COVID-19: These Indian-American Women Are Leading Remdesivir Trial

“We’re hopeful about Remdesivir, but we are already planning for what the next drug might be,” says Dr Neera Ahuja

Rudrani Gupta
May 01, 2020 14:12 IST
New Update
Meet The Indian Women In Clinical Trials Of Remdesivir Drug Against COVID-19

Coronavirus has infected more than three million people worldwide and claimed 234,408 lives. In an effort to contain it, the scientists and researchers are trying to find a potential anti-viral drug that can help eradicate COVID-19. Stanford University has begun the phase three human trial of the antiviral drug Remdesivir. On-board are two women Stanford Medicine professionals- Dr Aruna Subramanian and Dr Neera Ahuja- who are leading the investigations team appointed for the large-scale trial. Here's what you should know about them


Dr Aruna Subramanian

Based out of Palo Alto in California, Dr Aruna Subramanian is a trained doctor in infectious disease and she is the Chief of the Immunocompromised Host Infectious Diseases and Clinical Associate Professor in the Division of Infectious Diseases at Stanford University.

She received her medical education from the University of Michigan Medical School in 1994. She also achieved board certifications in both infectious disease and internal medicine, which she achieved at the American Board of Internal Medicine in the year 1999 and 1997 respectively.
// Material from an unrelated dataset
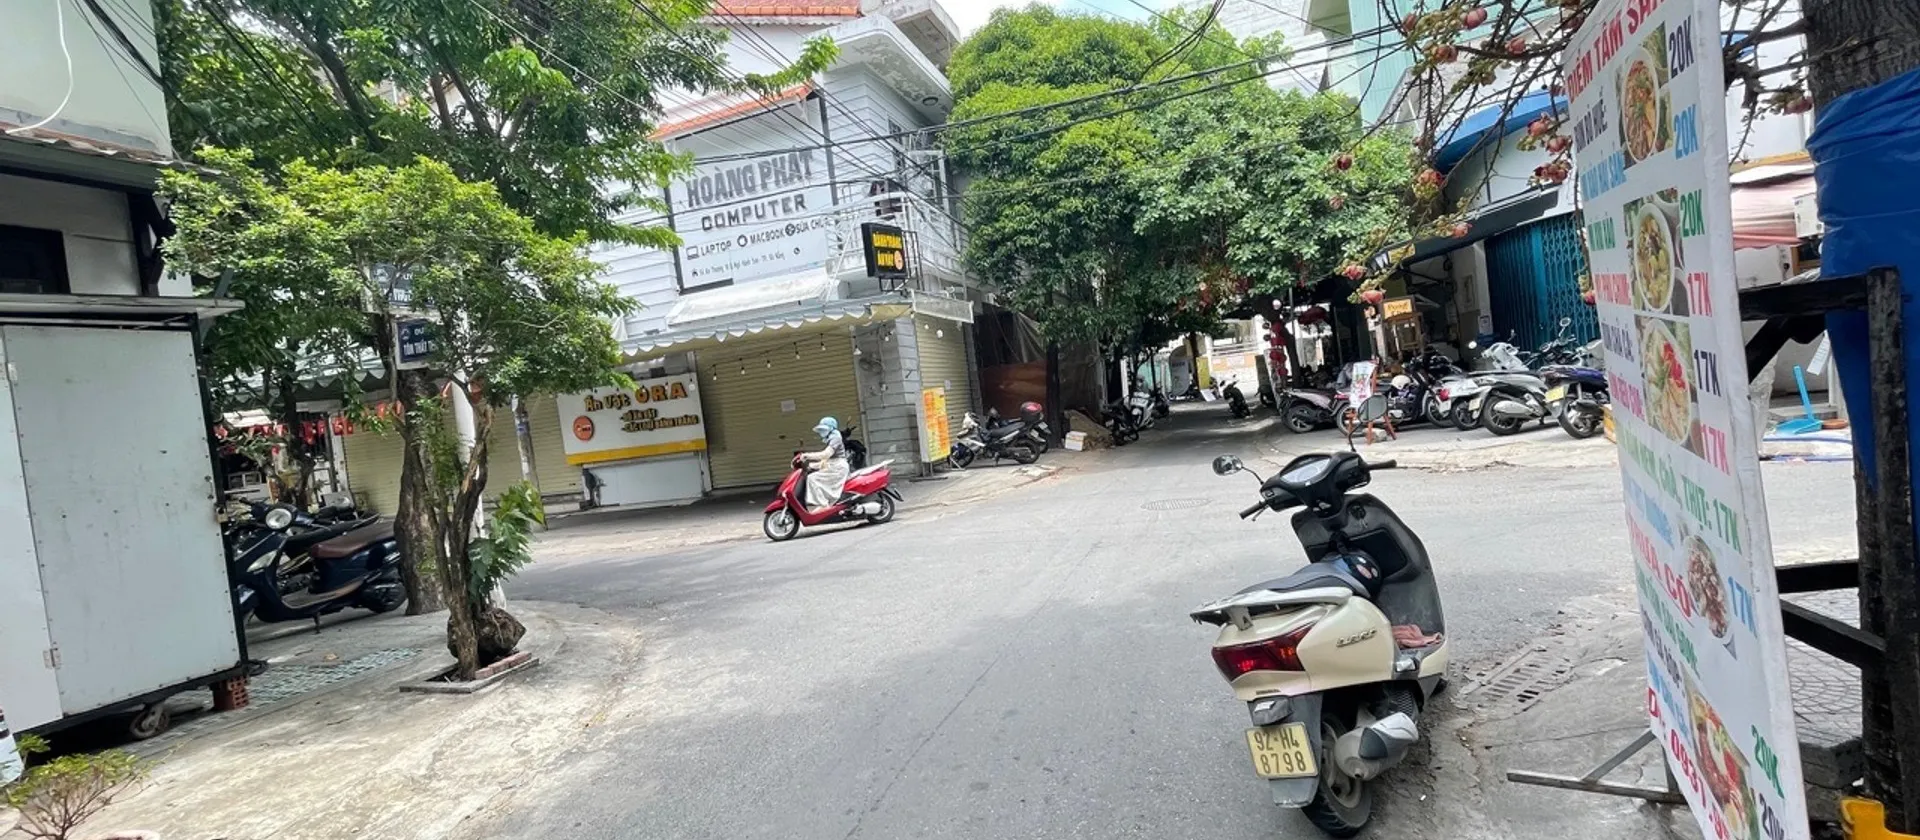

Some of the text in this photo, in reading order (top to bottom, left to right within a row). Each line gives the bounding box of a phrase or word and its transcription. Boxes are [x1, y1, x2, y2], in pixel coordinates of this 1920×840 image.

Dr Subramanian is the recipient of the Johns Hopkins University Division of Infectious Diseases Fellowship of 2000 where she pursued her MD. In 2018, Dr Subramanian was honoured with the Fellowship American Society of Transplantation (FAST).

Dr Subramanian is also a trained South Indian classical dancer. Her daughter is known to perform South Indian classical dance, being part of a dance troupe. Dr Subranaian also helps in organising classical dance performances across the US.

Also Read: Aruna Subramanian is leading study for potential COVID-19 drug Remdesivir

Dr Subramanian is acting as the co-principal investigator of the Remdesivir trial at Stanford. Talking about how the whole process of research and trial of the drug had to be accelerated owing to the increasing global crisis, she said, “We got everything together in a week and were ready to roll. This was record time. This type of thing normally takes two to three months to get on board.”


Dr Neera Ahuja

Dr Neera Ahuja is the principal investigator of the Gilead’s Remdesivir trial. She is the Division Chief of Hospital Medicine at Stanford. Dr Ahuja completed her BA at UC Berkeley and pursued her MD at the University of Texas Health Sciences Center, Houston. Later at UTHC, she got the training and board certification in internal medicine and paediatrics. In 2008, she joined Stanford University as the clinical associate professor of hospital medicine.

We’re hopeful about Remdesivir, but we are already planning for what the next drug might be

Her Achievements at Stanford

Between 2009-2019, Dr Ahuja worked as the associate program director of the Internal Medicine Residency Program. She also built a hospital medicine program at the Department of Medicine. In 2011, she was appointed as the Director of the Hospitalist Program. She stayed on that post till 2017. In the same year, she also became the medical director of General Medicine Inpatient Ward and recruited many brilliant clinical faculties in the hospital medicine group. Dr Ahuja is the recipient of the Gold-Headed Cane Award for her compassion and dedication to medicine and to serve. She also received the Gold Rattle Award for her excellence in clinical teaching.

Also Read: Virus researcher Gagandeep Kang breaks down India's corona challenge

The clinical focus of Dr Neera Ahuja centers around general inpatient medicine and its quality improvement, clinical trials, and internal medicine among others. On being a part of the Remdesivir clinical trial, Dr Ahuja said, "Ours is an adaptive trial, which means that if Remdesivir doesn’t work, we can quickly move on to testing the next, most promising drug without any gap in time,” She is hopeful that Remdesivir might prove to be a success in fighting COVID-19. “We’re hopeful about Remdesivir, but we are already planning for what the next drug might be," said she, adding, “We want patients to get any possible treatments that might benefit them as soon as possible."